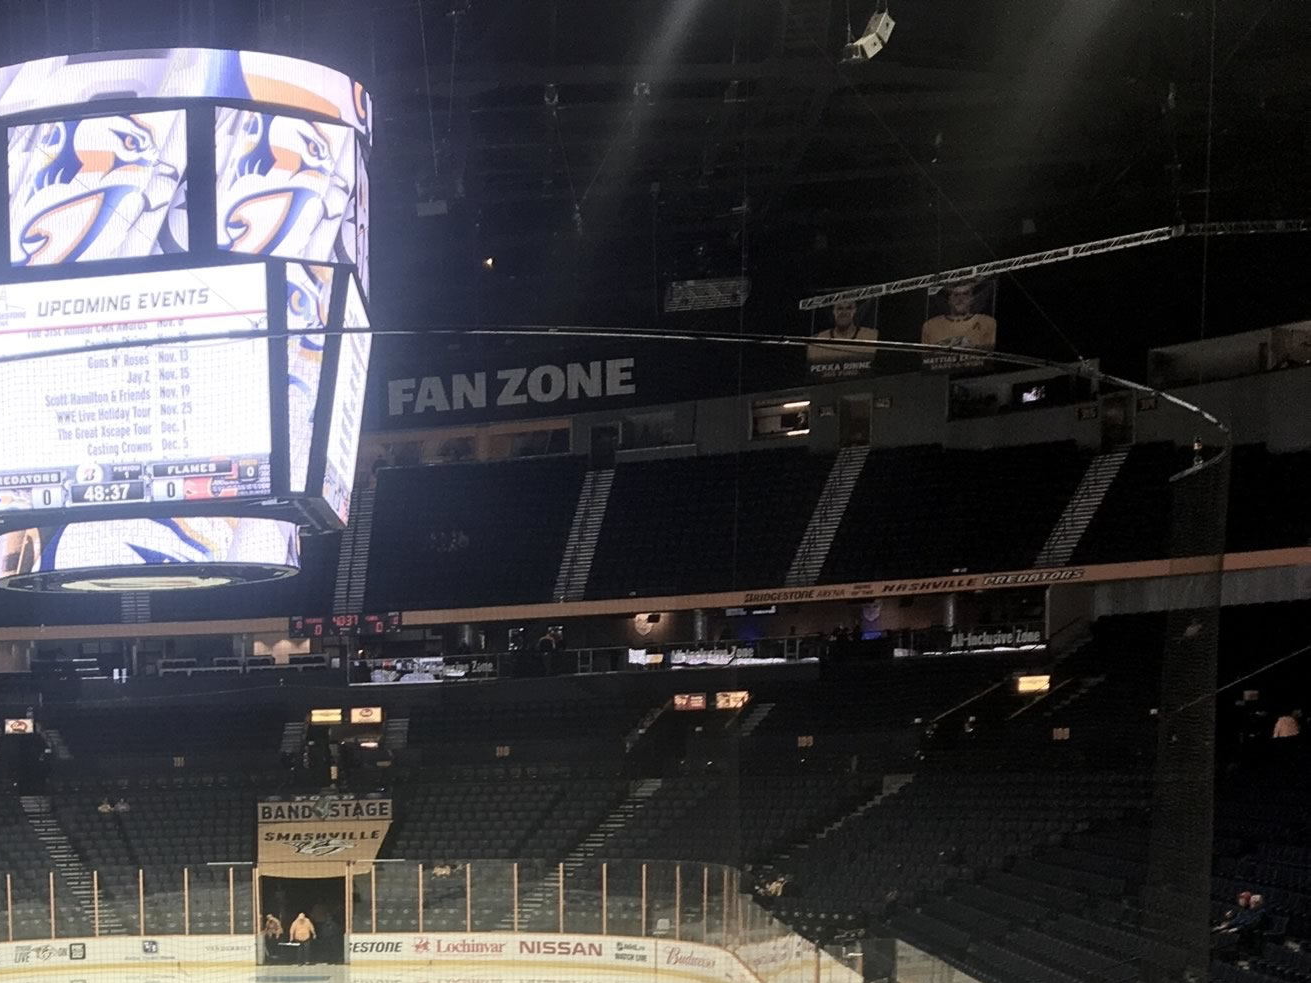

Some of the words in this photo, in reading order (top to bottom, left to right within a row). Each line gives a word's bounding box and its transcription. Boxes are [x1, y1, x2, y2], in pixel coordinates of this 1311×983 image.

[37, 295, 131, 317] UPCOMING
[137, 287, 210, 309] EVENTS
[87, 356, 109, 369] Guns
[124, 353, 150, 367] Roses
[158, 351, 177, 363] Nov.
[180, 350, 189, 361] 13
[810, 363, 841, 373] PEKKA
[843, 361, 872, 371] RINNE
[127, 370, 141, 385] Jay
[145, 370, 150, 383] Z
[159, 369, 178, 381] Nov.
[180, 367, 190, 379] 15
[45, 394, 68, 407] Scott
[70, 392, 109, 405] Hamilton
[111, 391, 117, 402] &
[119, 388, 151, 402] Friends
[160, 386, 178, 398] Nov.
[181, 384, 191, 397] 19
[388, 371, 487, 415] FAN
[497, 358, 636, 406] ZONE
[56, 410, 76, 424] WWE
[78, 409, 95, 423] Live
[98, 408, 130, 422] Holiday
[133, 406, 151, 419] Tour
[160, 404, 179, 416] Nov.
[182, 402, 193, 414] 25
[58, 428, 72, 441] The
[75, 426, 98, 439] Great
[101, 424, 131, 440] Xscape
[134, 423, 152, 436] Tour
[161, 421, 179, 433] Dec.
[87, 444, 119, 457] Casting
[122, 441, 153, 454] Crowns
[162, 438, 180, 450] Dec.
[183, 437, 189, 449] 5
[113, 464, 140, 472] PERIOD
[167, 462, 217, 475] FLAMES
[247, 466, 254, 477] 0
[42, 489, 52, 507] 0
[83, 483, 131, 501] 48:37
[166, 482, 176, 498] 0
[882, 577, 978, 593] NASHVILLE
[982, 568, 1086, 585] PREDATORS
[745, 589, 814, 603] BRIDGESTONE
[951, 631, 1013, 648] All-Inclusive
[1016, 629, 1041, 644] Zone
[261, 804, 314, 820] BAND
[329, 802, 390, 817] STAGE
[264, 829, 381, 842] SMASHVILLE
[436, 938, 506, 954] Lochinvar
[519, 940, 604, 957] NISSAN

────────────────────

TASK TO CARRY OUT: Search the records for lines holding the word "Tour", then copy each line you find.

FINISHED TASK:
[133, 406, 151, 419] Tour
[134, 423, 152, 436] Tour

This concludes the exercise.